A recent case involving a health insurer’s attempt to deny payment for what it claimed was experimental and investigational treatment highlights an age old problem for insurers: how specific do you have to be in drafting your policy exclusions and limitations.
Health insurers and benefit plans routinely exclude from coverage medical treatment that is experimental or investigational. These claims are usually difficult. They regularly involve individuals who seek payment for treatment that hold out the hope of saving the insured’s life and yet cost a great deal of money. Unless the insurer or health benefit plan pays the cost, the patient will often not be able to obtain the treatment. Adding to the difficulty is the fact that most illnesses or injuries carry with them a window of opportunity, usually short, to achieve the best likelihood of positive response by applying the treatment in question. This is the context for Boldon v. Humana Ins. Co., 466 F.Supp.2d 1199 (D. Ariz. 2006). You can find the decision in the website library here
Michael Boldon was diagnosed with advanced unresectable hepatocellular carcinoma (“HCC”) in May, 2006. HCC is a rare form of liver cancer. His physician recommended treatment using TheraSphere. That involved the intra-arterial delivery of glass microspheres of yttrium-90, a radioactive element, to the site of the liver tumor. The treatment cost over $100,000. Alternative treatments were less effective and more likely to produce side effects.
TheraSphere had been tested in 13 clinical trials and had been found relatively safe, effective and well tolerated. It had been peer reviewed in nearly 30 medical journals with the same conclusions. However, in light of the small number of individuals who developed HCC, it was difficult to get a larger census from which to draw more definitive conclusions about the treatment.
Boldon had health coverage through a group insurance policy issued by Humana. The problem for him was that Humana’s policy excluded coverage for experimental and investigational treatment. Boldon requested approval to receive the TheraSphere treatment but Humana denied his request. Humana’s primary rationale for its denial was that there had been no National Cancer Institute Phase III clinical trials performed for the procedure to follow up on the positive Phase I and II clinical trials that had occurred. However, in light of the relative infrequency of HCC, the number of patients necessary to carry out this last phase of the investigation process did not exist.

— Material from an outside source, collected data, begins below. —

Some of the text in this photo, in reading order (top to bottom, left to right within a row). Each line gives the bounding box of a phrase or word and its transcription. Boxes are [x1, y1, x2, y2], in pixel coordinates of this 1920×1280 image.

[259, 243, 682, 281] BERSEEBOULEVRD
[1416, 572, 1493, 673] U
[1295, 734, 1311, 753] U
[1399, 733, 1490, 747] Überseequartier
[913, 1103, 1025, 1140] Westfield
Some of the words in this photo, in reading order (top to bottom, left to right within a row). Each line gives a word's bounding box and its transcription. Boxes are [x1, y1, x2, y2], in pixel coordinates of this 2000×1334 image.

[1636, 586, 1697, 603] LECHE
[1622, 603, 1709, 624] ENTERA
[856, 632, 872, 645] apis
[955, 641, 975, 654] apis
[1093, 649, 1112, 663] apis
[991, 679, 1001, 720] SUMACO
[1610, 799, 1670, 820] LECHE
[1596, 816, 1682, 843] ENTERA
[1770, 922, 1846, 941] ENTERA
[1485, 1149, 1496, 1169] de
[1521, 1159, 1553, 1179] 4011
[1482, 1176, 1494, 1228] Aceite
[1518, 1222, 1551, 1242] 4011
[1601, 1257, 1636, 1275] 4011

Boldon filed suit and promptly asked the court to issue a mandatory injunction ordering Humana to authorize and pay for the treatment in light of his deteriorating physical condition. The court granted Boldon’s request.
As an initial matter, the court questioned whether an insurer could ever exercise its discretion in a manner necessary to trigger a deferential standard of review. Since the only thing Humana did was to apply a categorical, inflexible standard to deny coverage, the court had doubts that any “discretion” had been exercised at all. The court did not ultimately decide that question because it ruled that even under a deferential standard of review, Humana’s denial could not be sustained.
A number of things about Humana’s denial bothered the judge. Part of it was that Humana never had a physician examine Boldon. Nor, in the court’s opinion, did Humana pay proper attention to the unique circumstances of Boldon's medical condition. Part of it was the inherent conflict Humana shares with every other insurer between looking after its own bottom line versus the welfare of its insured. Part of it was Humana’s steadfast refusal to acknowledge that every study of ThereSphere concluded it was safe, effective and had fewer side effects than alternative treatments. Part of it was the judge’s feeling that denying Boldon’s claim was unfair to individuals who had the misfortune of being afflicted with diseases that would never generate enough victims to allow for Phase III trials to occur at all.
But the primary concern for the court was that Humana’s reading of the policy’s experimental and investigational exclusion categorically excluded any treatment that had not proceeded entirely through Phases I, II and III of NCI clinical trials without fairly disclosing the scope of that limitation in the policy language. The court held that Humana had utilized “a submerged requirement of Phase III trials when that exclusion cannot reasonably be anticipated from the text of the Plan.”
Morale of the story: if you want to enforce a limitation or exclusion, it has to be fully and fairly disclosed. The dilemma this creates for an insurer is that if it provides such an explicit and detailed disclosure of all its exclusions and limitations, especially when its competition may not be so scrupulous, it becomes harder to compete with the relatively unscrupulous insurer in selling your insurance policies.